Kadınların isyanı
MÜJDE IŞIL- Jordan Peele, “Get Out/Kapan”dan beri korku ve psikolojik gerilim türünde sınıf ayrımını merkez yaptı. Siyahların kendilerini tehdit altında hissetme hâlini filmlerinde alegoriye dönüştürdü. Onun çabası yeni nesil sinemacıları da etkiliyor doğal olarak. Oyunculuk kökenli Zoë Kravitz ilk yönetmenlik denemesi “Blink Twice/Gözlerini Kırp”ta Peele’nin izinden gidenlerden. Ancak ırkçılık üzerine çok önemli bir sorunu ekliyor: Kadına yönelik şiddet ve taciz.

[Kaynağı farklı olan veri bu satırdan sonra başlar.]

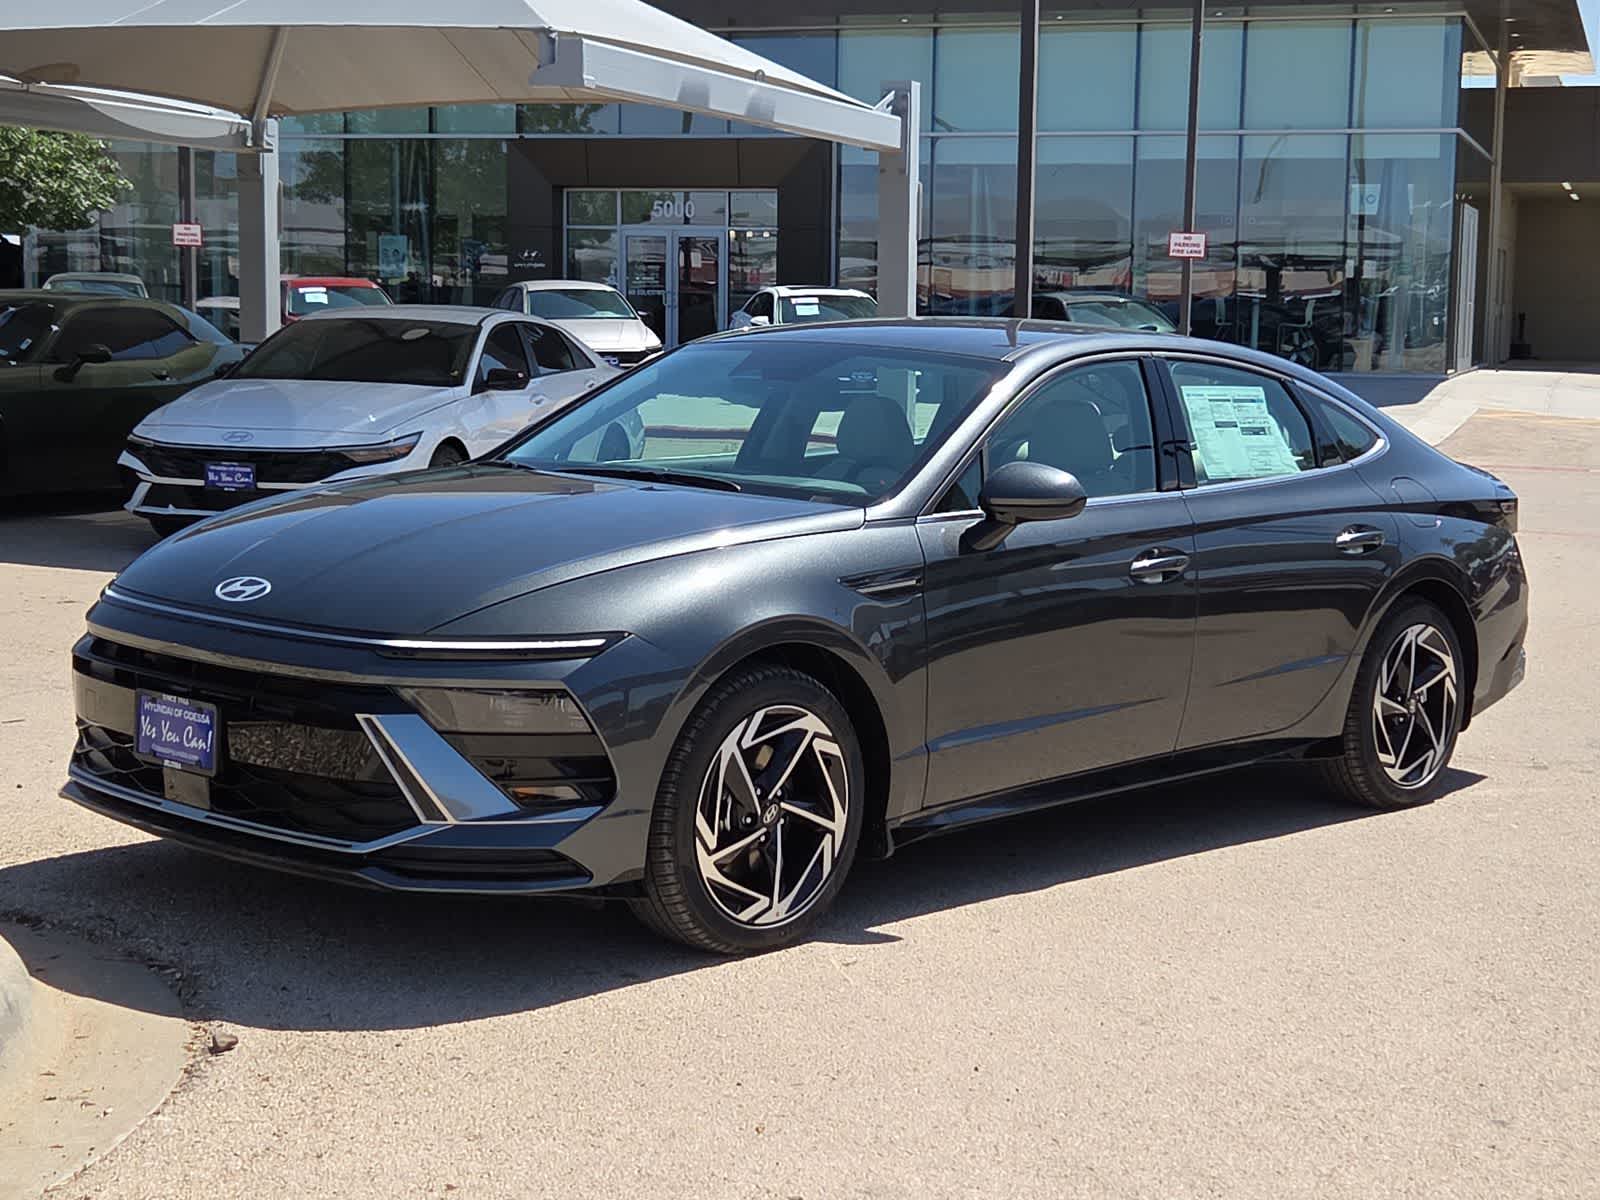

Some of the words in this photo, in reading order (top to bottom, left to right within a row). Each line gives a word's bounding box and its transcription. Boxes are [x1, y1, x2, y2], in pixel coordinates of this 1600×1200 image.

Film, cep telefonundan sosyal medyada gezinen garson Frida ile tanıştırıyor bizi. Frida, Slater King adlı zenginin paylaşımlarından çok etkileniyor ve bir şekilde onunla tanışıyor da. King’in adasında tatile giden genç kadın, buranın rüya değil kâbus olduğu gerçeğiyle yüzleşiyor.
KURT DEĞİL YURT
Senaryoyu da yazan Zoë Kravitz, Peele’nin “Get Out/Kapan”ından fazlasıyla etkilenmişe benziyor. Ancak ilk film senaryosunda konuya girmekte epey zorlanıyor. Filmin ilk saati romantik sularda yüzerken ve tekrar sahnelerle sürerken sonlara doğru asıl mevzuya geliyor. Kravitz belli ki me too hareketine kendi tarzında katkıda bulunmak istemiş. Erkeklerin, kadınları istedikleri gibi kontrol edebildikleri bir düzen yarattıkları adada, kadınların zengin ve yakışıklı Slater King’in gözüne girebilmek için yarışması, toplumlardaki genel kabullerle neredeyse aynı. Film ‘kadın kadının yurdudur’un ‘kadın kadının kurdudur’a evrilmesini de eleştiriyor ki King’in yardımcısı Stacy’de, eril güce karşı boynu kıldan ince bir karakter yaratıyor. Bu rolde, Hollywood’da cinsiyet eşitliği için mücadele eden Geena Davis’i görmek ise izleyiciyi ters köşeye yatırıyor. Filmin sürekli vurguladığı ‘hatırlamak’ eylemi de hepimize bir mesaj. Woody Allen’ları, Roman Polanski’leri, Harvey Weinstein’ları ve nicelerini unutmamamız, unutanlara ya da unutmak isteyenlere hatırlatmamız için…
“Whitney Houston: I Wanna Dance with Somebody”de Houston’ı canlandıran Naomi Ackie ve bu sefer tekinsiz bir karaktere bürünen Channing Tatum’un başrolleri paylaştıkları yapımda, “The Sixth Sense”te ölü insanlar gören küçük Haley Joel Osment’ın yetişkin hâlini izlemek de filmin sürprizlerinden.